October 19, 2011
Savings made by businesses could increase five-fold by 2015
The market for server and computer power management software is likely to grow as the cost of energy increases, according to a report by Pike Research. The group believes that by employing such software solutions, companies will save $18.6 billion (£11.8bn) per year by 2015.
PCs and servers account for a large portion of information technology emissions, yet much of their power consumption is wasted. The majority of corporate computers are left on at weekends and as many as 80 per cent are left on overnight so IT departments can apply patches during that time.
Managing PC power – too much trouble?
Servers use 60 per cent of their maximum power while doing nothing at all and typically only run at around 15 percent utilisation. However PC power management tools are rarely employed because IT departments are not responsible for power costs.
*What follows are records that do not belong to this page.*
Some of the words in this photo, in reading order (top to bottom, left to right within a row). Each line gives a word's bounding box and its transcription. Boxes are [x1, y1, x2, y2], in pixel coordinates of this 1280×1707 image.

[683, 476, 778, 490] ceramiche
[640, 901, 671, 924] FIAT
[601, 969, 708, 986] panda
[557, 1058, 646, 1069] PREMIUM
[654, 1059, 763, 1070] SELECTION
“Using power management settings on a single PC could save 746 kWh of electricity in just a year, which translates into savings of almost $77. Yet, in 2010 only a little over one-fifth of users employed management settings effectively,” said Pike Research senior analyst Eric Woods in a statement.
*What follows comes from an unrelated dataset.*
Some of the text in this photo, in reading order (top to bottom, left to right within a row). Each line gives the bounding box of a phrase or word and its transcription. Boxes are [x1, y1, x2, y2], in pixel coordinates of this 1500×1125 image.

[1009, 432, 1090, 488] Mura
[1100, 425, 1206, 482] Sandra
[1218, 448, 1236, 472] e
However as energy prices continue to rise and demand for computing power increases, this is likely to change as savings are central to power management software’s appeal. In 2009 AT&T saved $13m (£8.2m) a year in energy use from power management.
But as a 2009 survey revealed, the majority of businesses were unaware of the benefits of power management technology and that user attitudes were driving the adoption of such schemes, not companies.